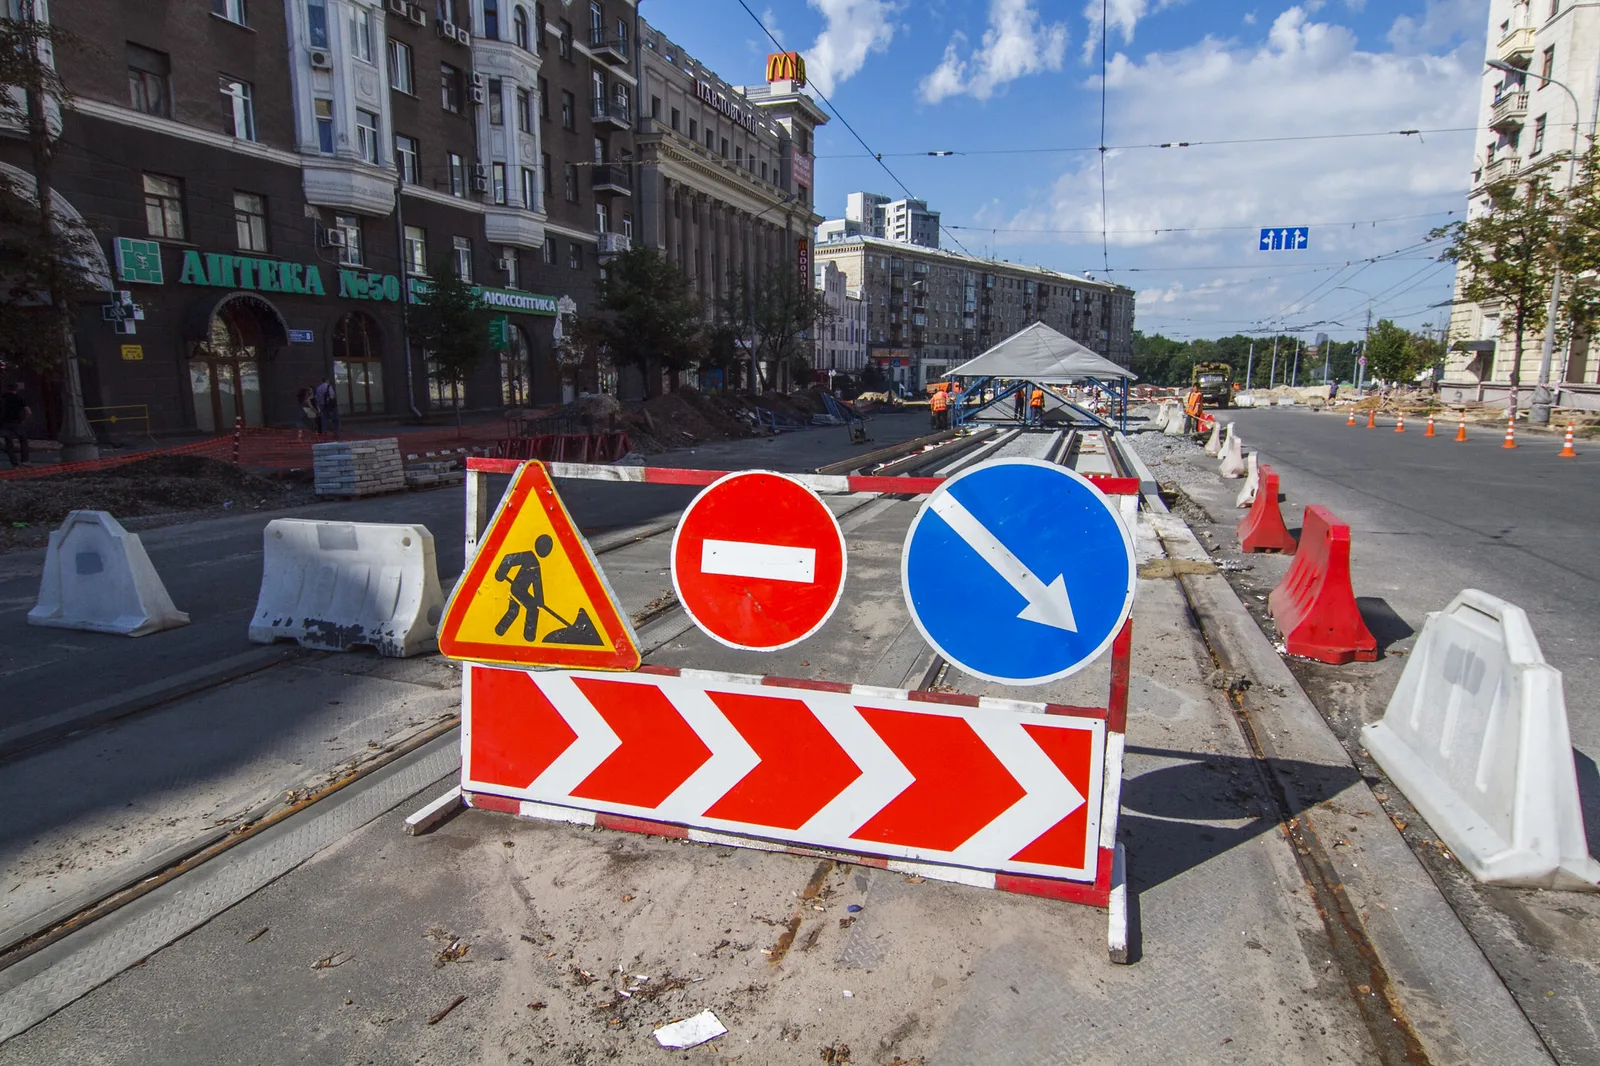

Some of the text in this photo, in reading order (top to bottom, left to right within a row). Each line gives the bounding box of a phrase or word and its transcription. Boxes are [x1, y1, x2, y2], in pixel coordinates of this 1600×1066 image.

[696, 79, 759, 135] ПАВЛОВСКИЙ
[179, 249, 400, 302] АПТЕКА №50
[483, 290, 556, 312] ЛЮКСОПТИКА
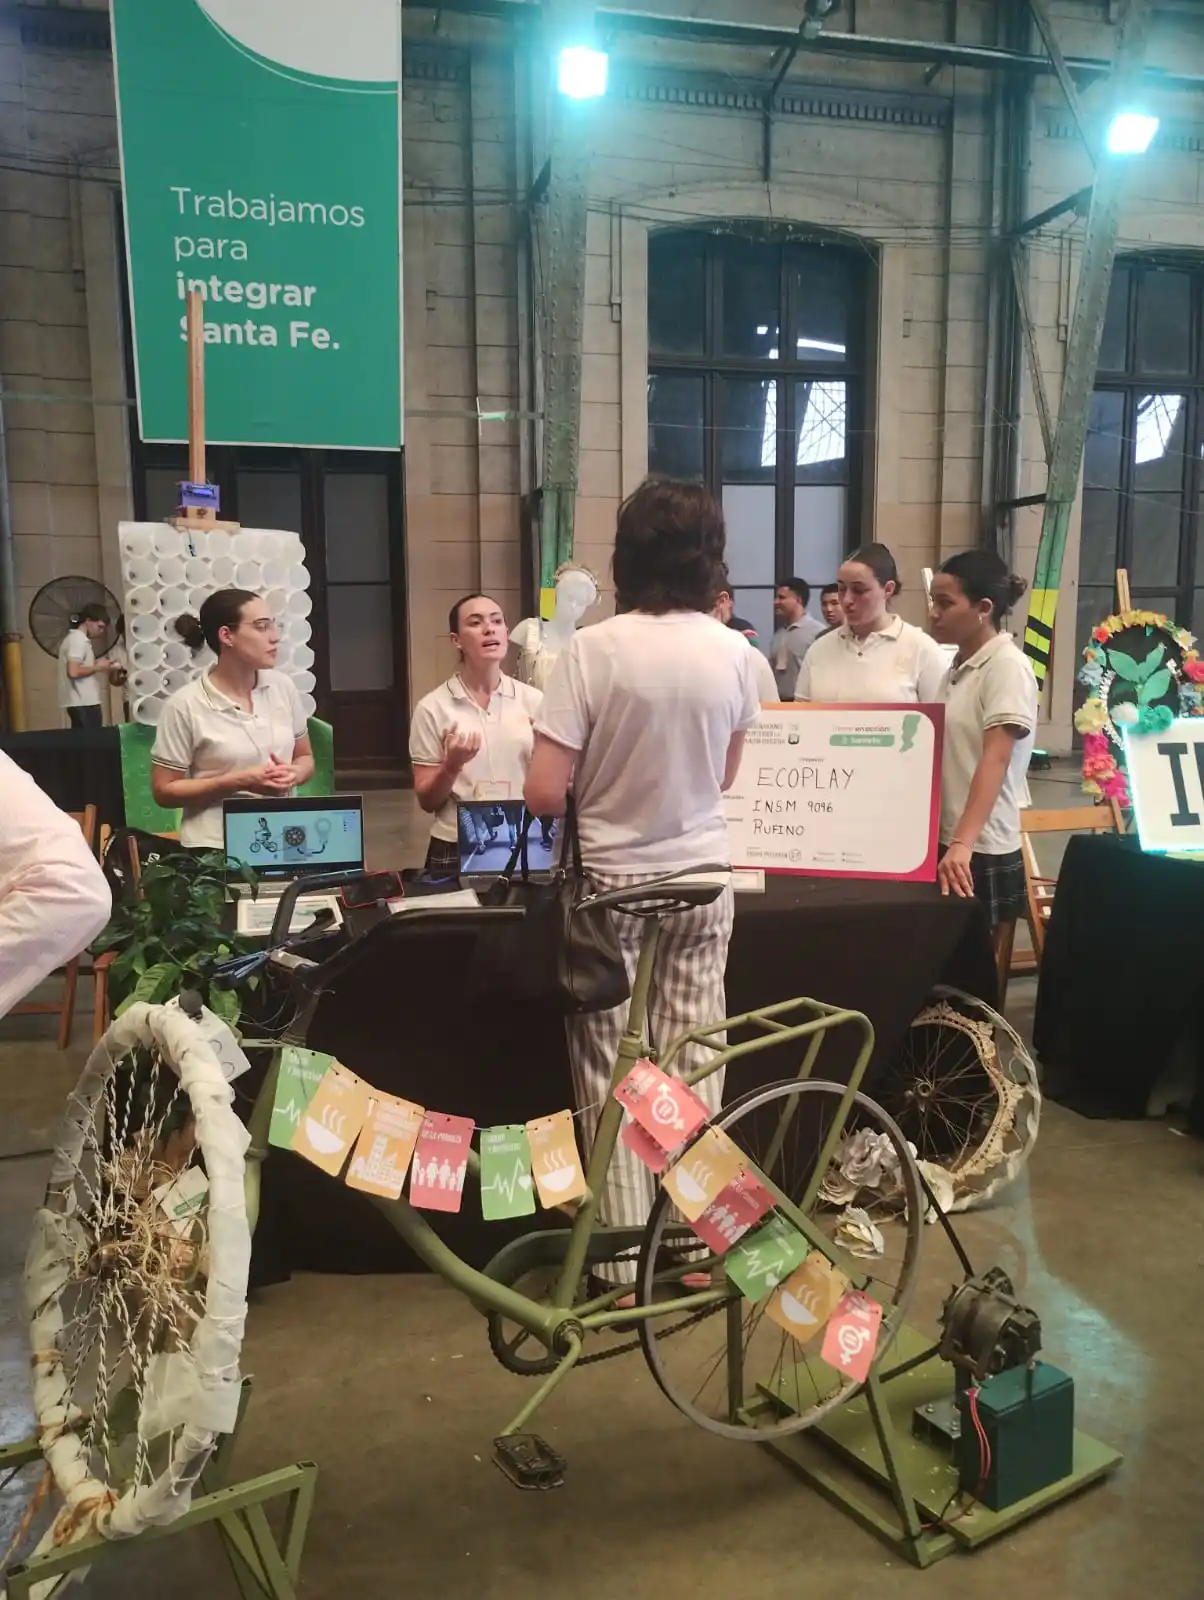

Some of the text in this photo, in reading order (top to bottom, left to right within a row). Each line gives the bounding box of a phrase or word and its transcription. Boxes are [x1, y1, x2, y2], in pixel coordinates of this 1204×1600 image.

[170, 186, 365, 227] Trabajamos
[174, 235, 248, 262] para
[176, 270, 316, 309] integrar
[290, 321, 340, 350] Fe.
[757, 766, 855, 790] ECOPLAY
[752, 799, 834, 814] INSM 9096
[752, 818, 805, 836] RUFINO
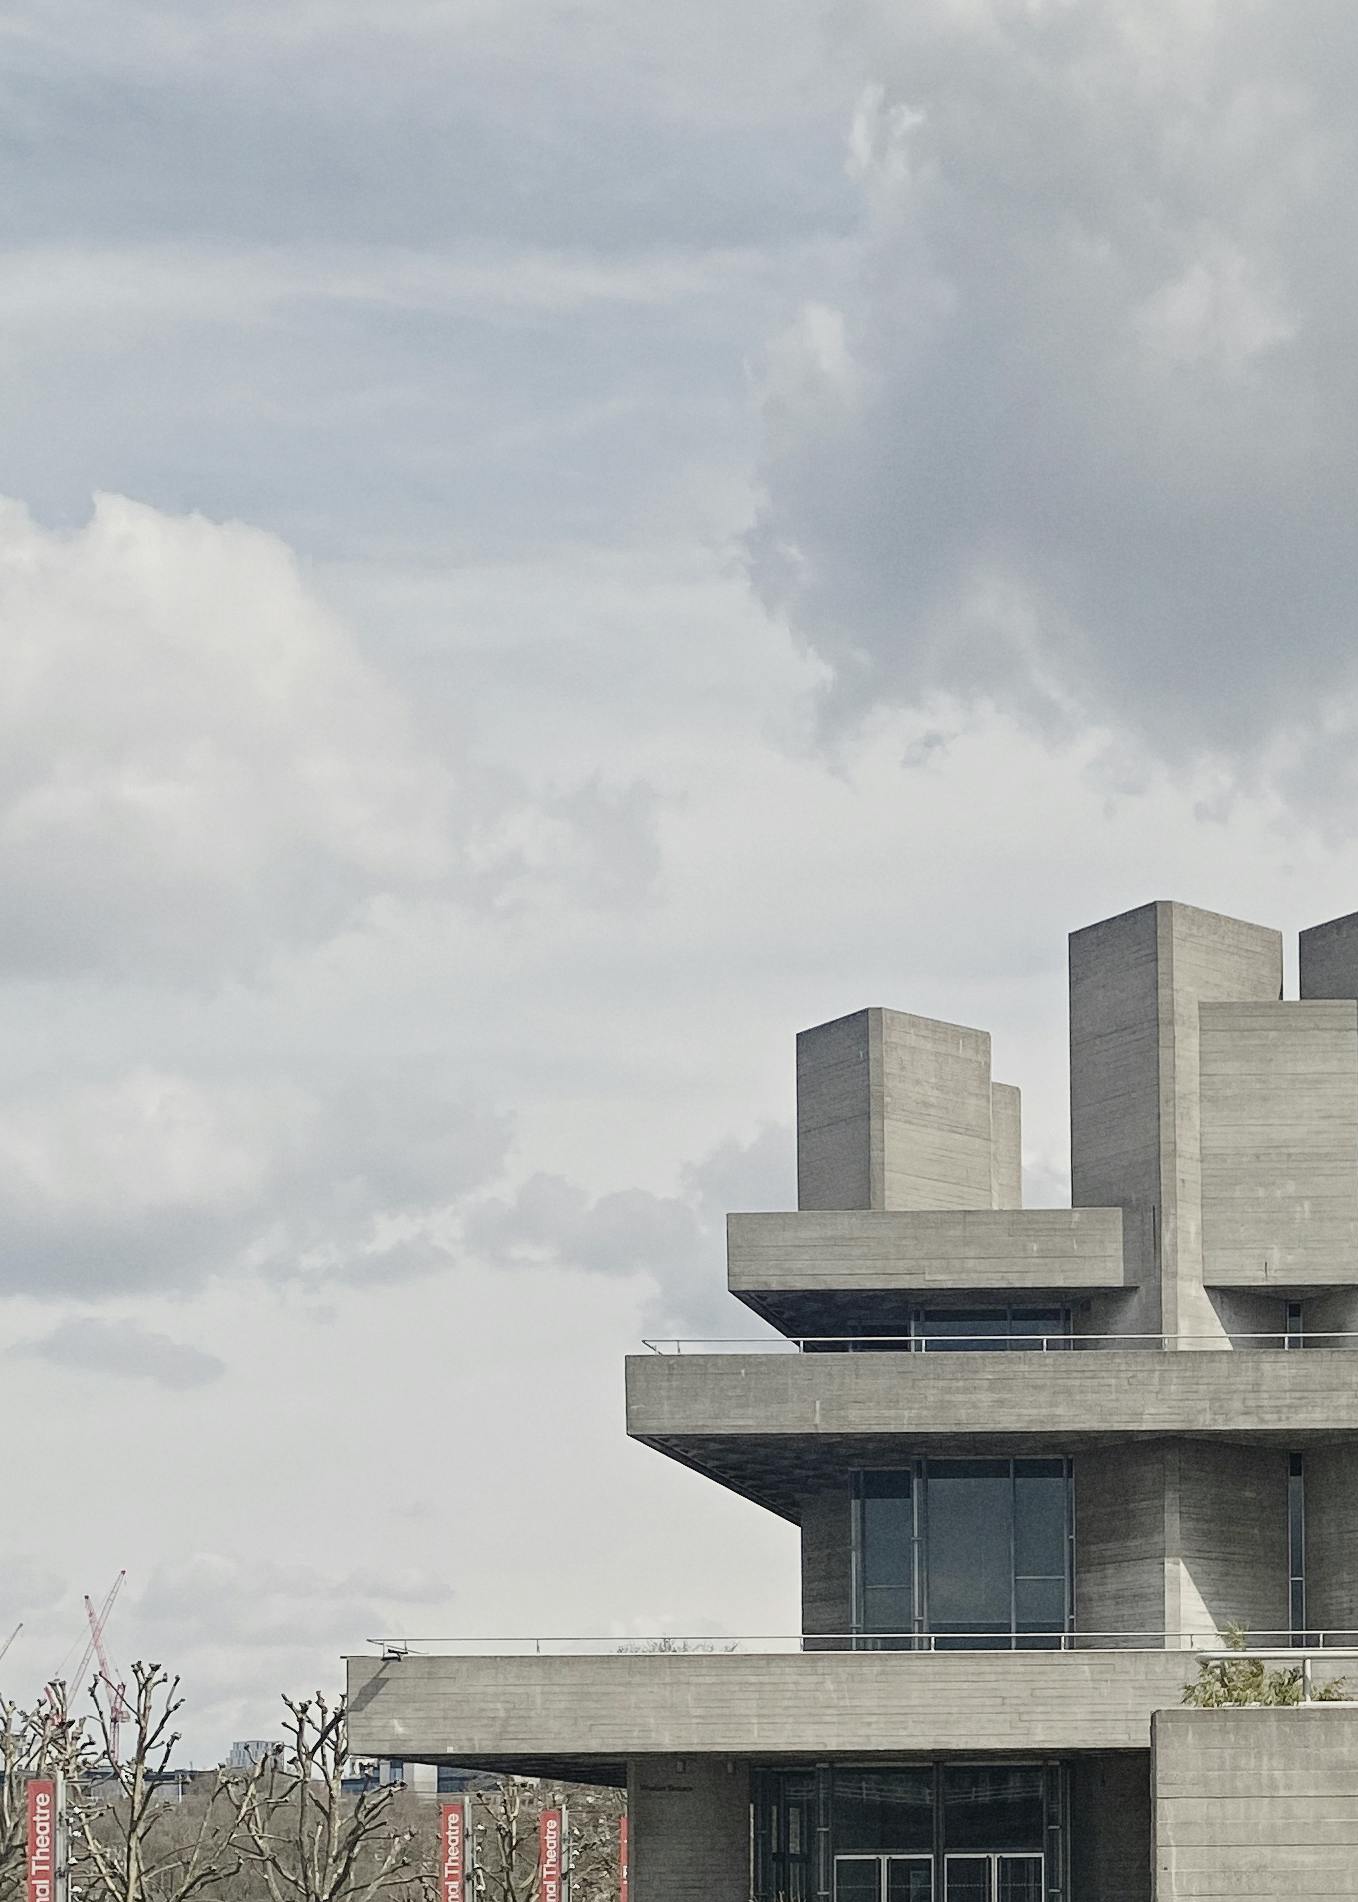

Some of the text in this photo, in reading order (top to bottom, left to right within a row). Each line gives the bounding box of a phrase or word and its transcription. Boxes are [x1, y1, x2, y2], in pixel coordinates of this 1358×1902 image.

[31, 1793, 50, 1876] Theatre
[444, 1813, 459, 1878] Theatre
[543, 1819, 557, 1878] Theatre
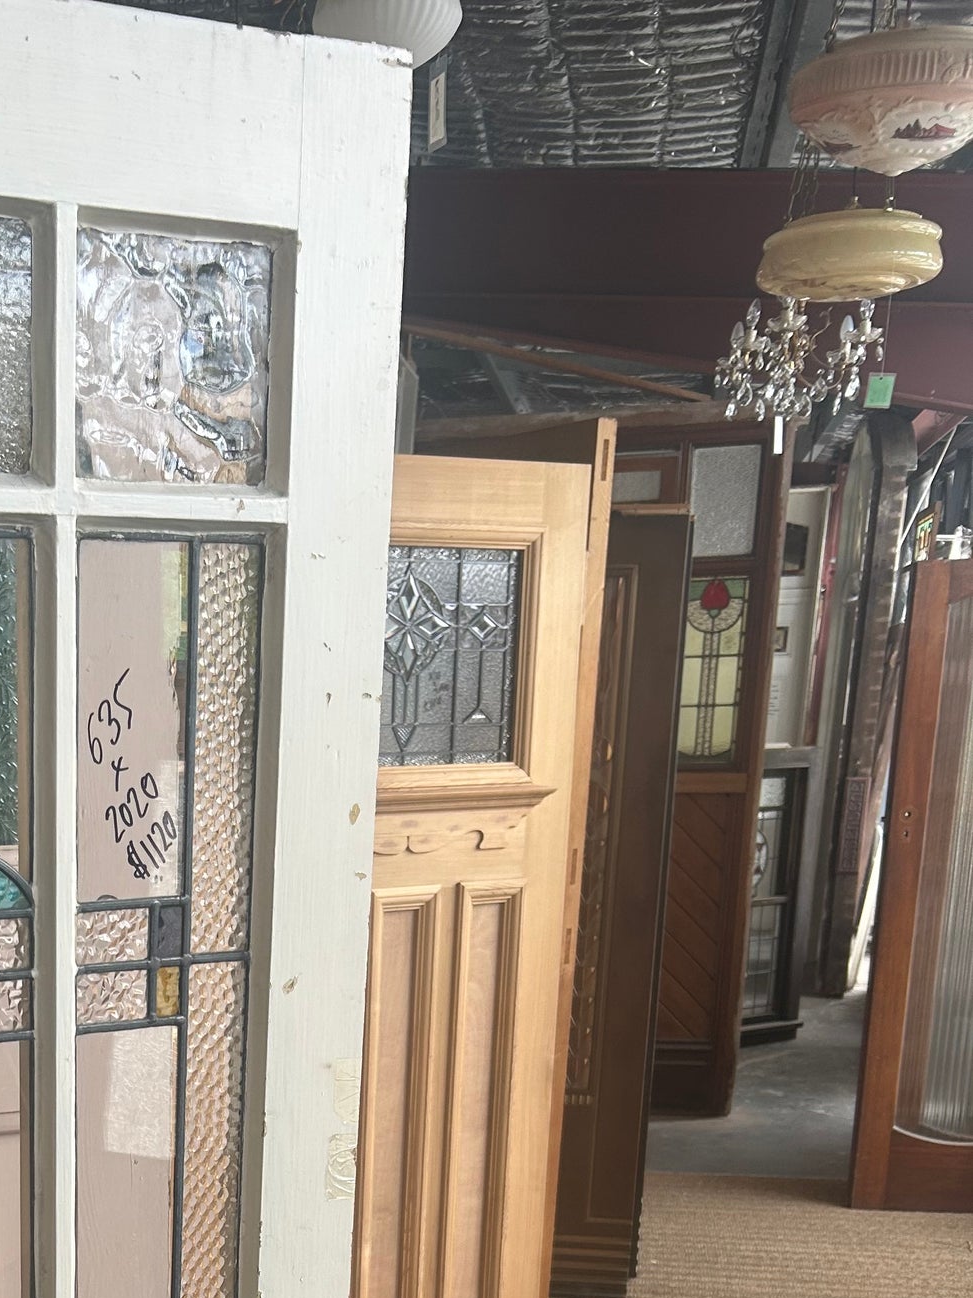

####################

**WHAT TO DO:**
Copy out the lines above unchanged. Skip the images.

**FINISHED EXERCISE:**
Some of the text in this photo, in reading order (top to bottom, left to right within a row). Each line gives the bounding box of a phrase or word and its transcription. Boxes are [x1, y1, x2, y2], in pixel coordinates of this 1600×1066 image.

[696, 79, 759, 135] ПАВЛОВСКИЙ
[179, 249, 400, 302] АПТЕКА №50
[483, 290, 556, 312] ЛЮКСОПТИКА

Some of the text in this photo, in reading order (top to bottom, left to right within a row). Each line gives the bounding box of a phrase or word and its transcription. Boxes are [x1, y1, x2, y2], in pixel coordinates of this 1204×1600 image.

[170, 186, 365, 227] Trabajamos
[174, 235, 248, 262] para
[176, 270, 316, 309] integrar
[290, 321, 340, 350] Fe.
[757, 766, 855, 790] ECOPLAY
[752, 799, 834, 814] INSM 9096
[752, 818, 805, 836] RUFINO

Some of the text in this photo, in reading order (top to bottom, left to right within a row). Each line gives the bounding box of a phrase or word and its transcription. Boxes are [x1, y1, x2, y2], in pixel coordinates of this 1358×1902 image.

[31, 1793, 50, 1876] Theatre
[444, 1813, 459, 1878] Theatre
[543, 1819, 557, 1878] Theatre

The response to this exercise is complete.